» **DATASET**
Content starts

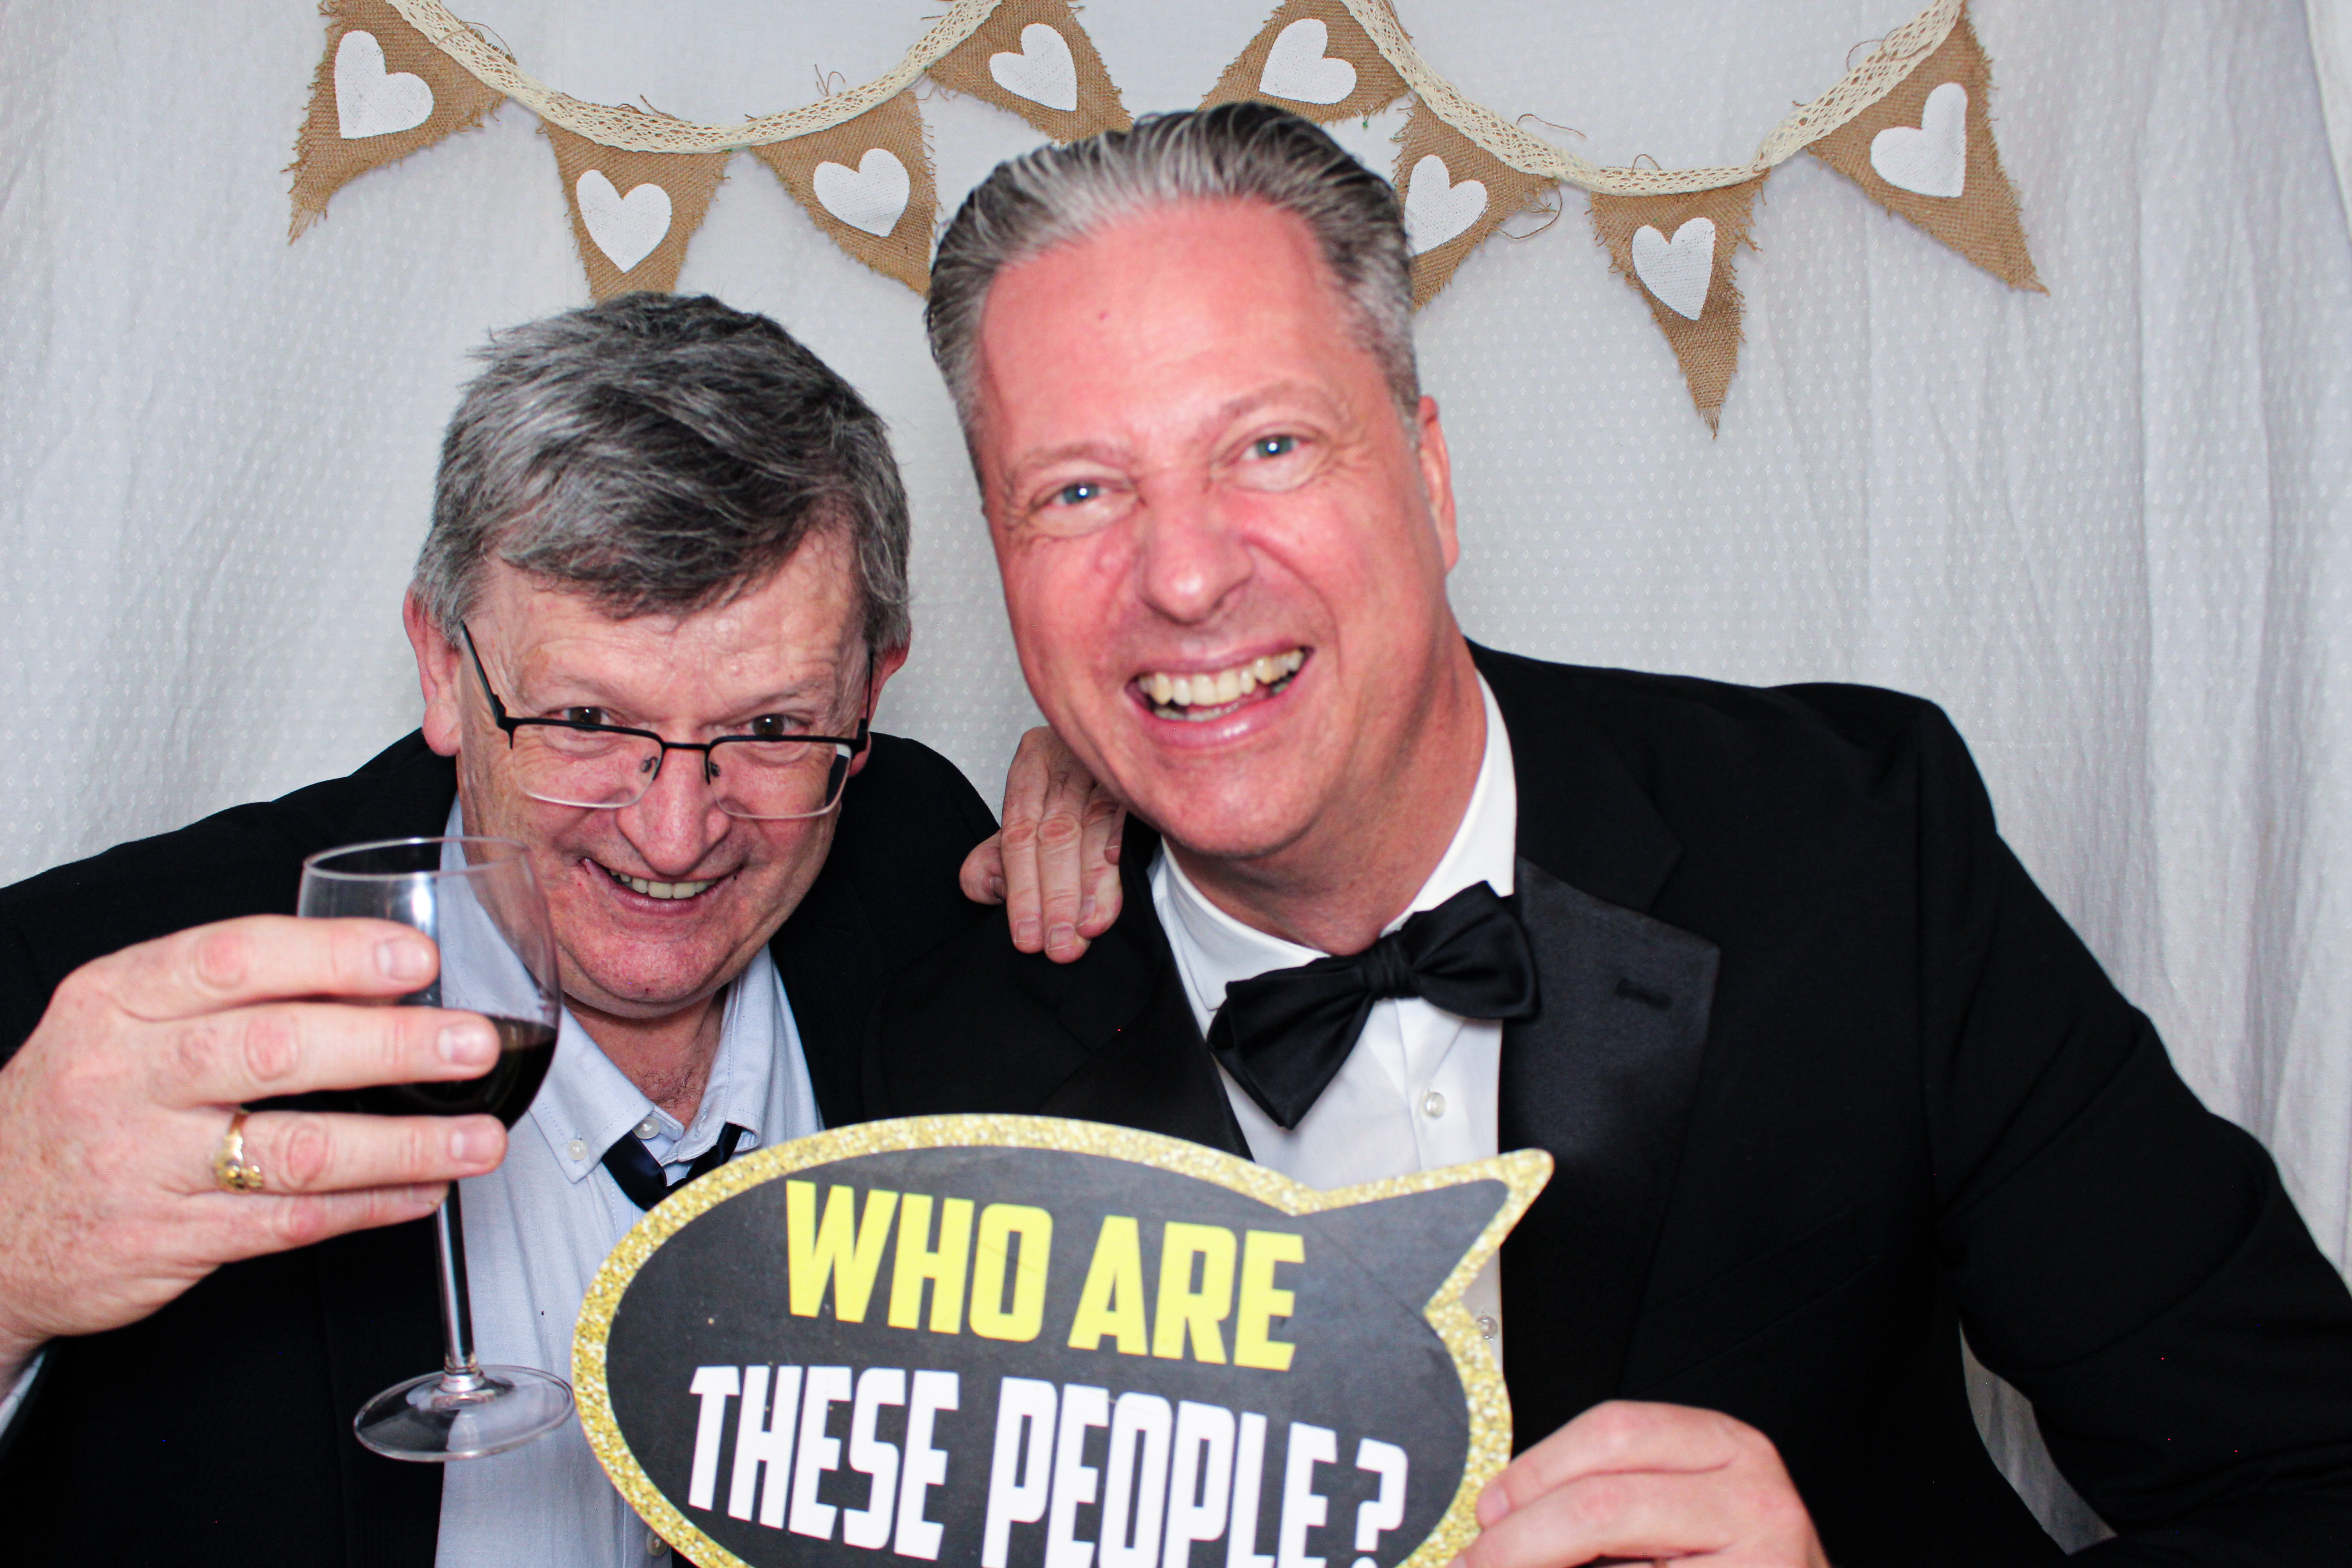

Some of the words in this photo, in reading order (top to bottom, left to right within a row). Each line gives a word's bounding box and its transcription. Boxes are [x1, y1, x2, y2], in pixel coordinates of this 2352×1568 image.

[786, 1180, 1054, 1342] WHO
[1067, 1215, 1306, 1371] ARE
[689, 1366, 959, 1560] THESE
[981, 1377, 1408, 1568] PEOPLE?
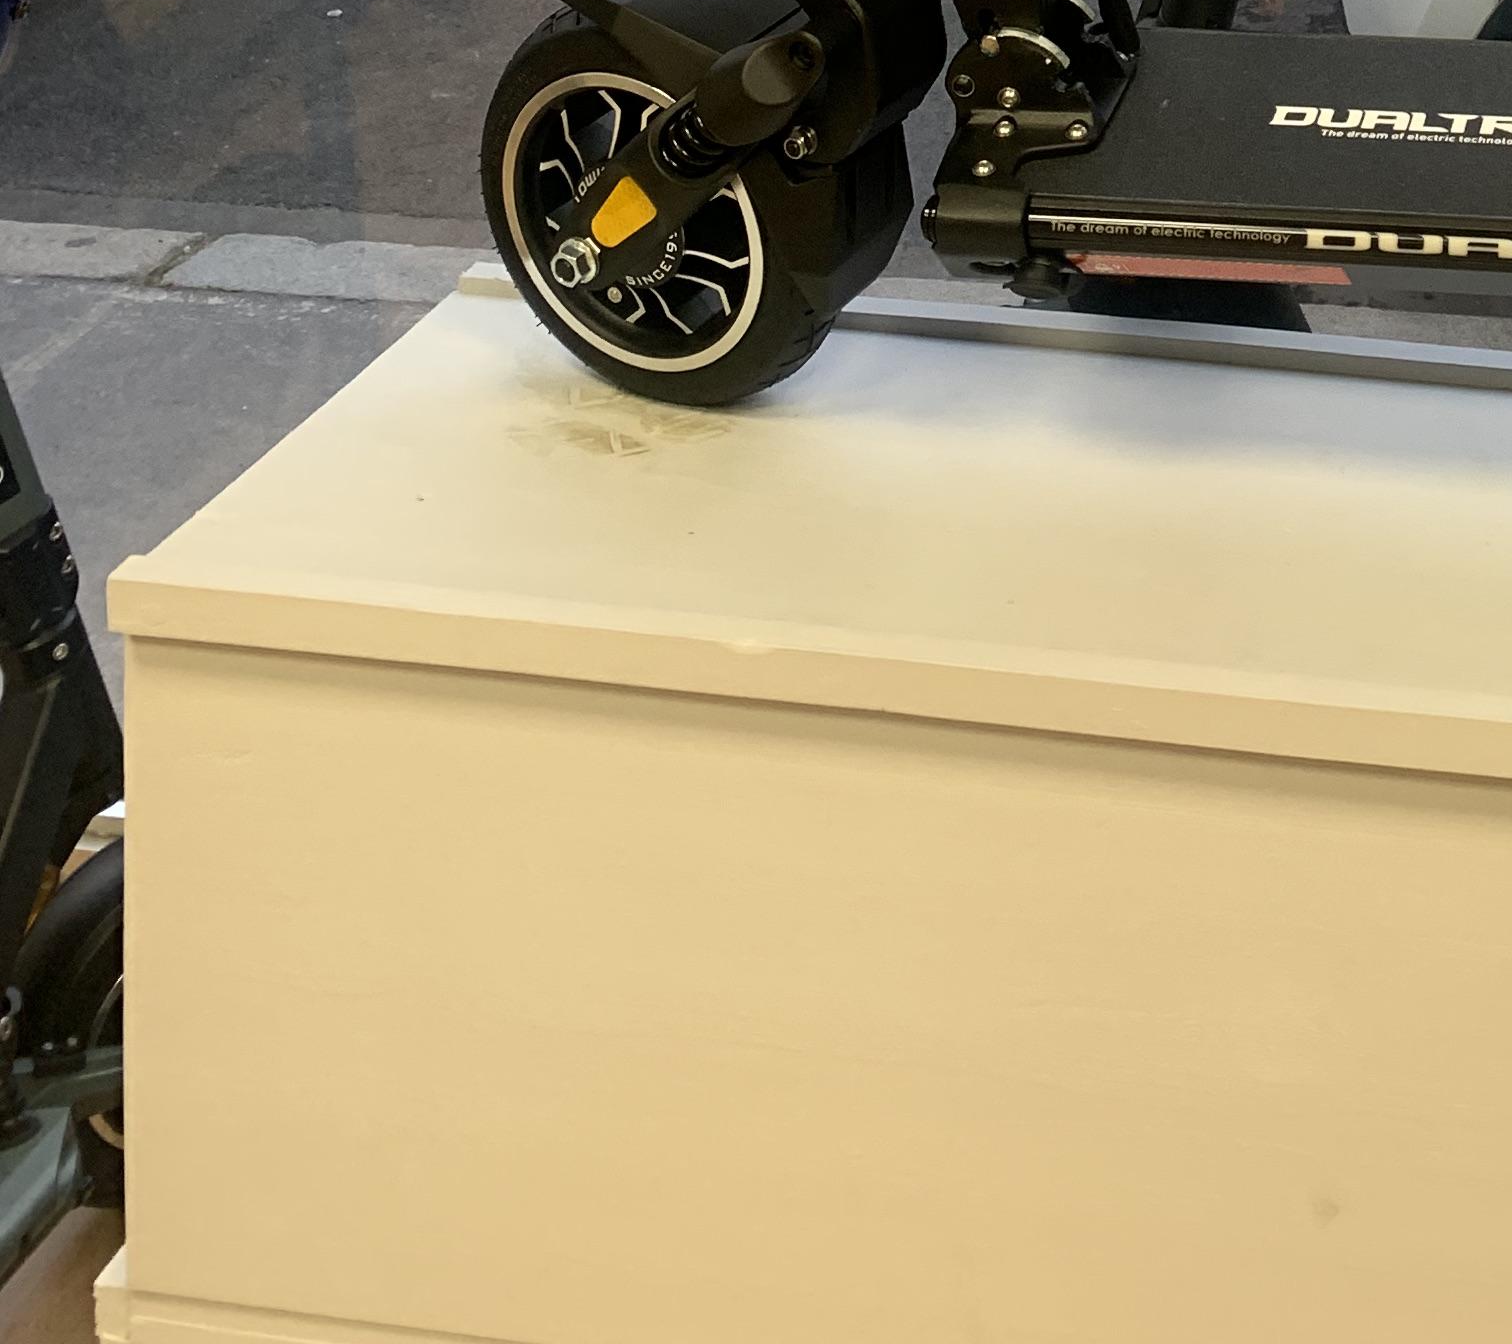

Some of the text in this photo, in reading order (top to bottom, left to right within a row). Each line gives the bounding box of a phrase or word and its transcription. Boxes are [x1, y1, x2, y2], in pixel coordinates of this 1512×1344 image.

[1320, 128, 1343, 138] The
[1346, 129, 1388, 141] dream
[1391, 131, 1405, 141] of
[1406, 132, 1456, 144] electric
[1050, 219, 1291, 245] The dream of electric technology

Content ends

Output each entry exactly. Skip the pictures.

Some of the words in this photo, in reading order (top to bottom, left to right within a row). Each line gives a word's bounding box and its transcription. Boxes are [x1, y1, x2, y2], in pixel coordinates of this 2352×1568 image.

[786, 1180, 1054, 1342] WHO
[1067, 1215, 1306, 1371] ARE
[689, 1366, 959, 1560] THESE
[981, 1377, 1408, 1568] PEOPLE?

Some of the text in this photo, in reading order (top to bottom, left to right within a row). Each line gives the bounding box of a phrase or word and its transcription. Boxes are [x1, y1, x2, y2], in pixel coordinates of this 1512×1344 image.

[1320, 128, 1343, 138] The
[1346, 129, 1388, 141] dream
[1391, 131, 1405, 141] of
[1406, 132, 1456, 144] electric
[1050, 219, 1291, 245] The dream of electric technology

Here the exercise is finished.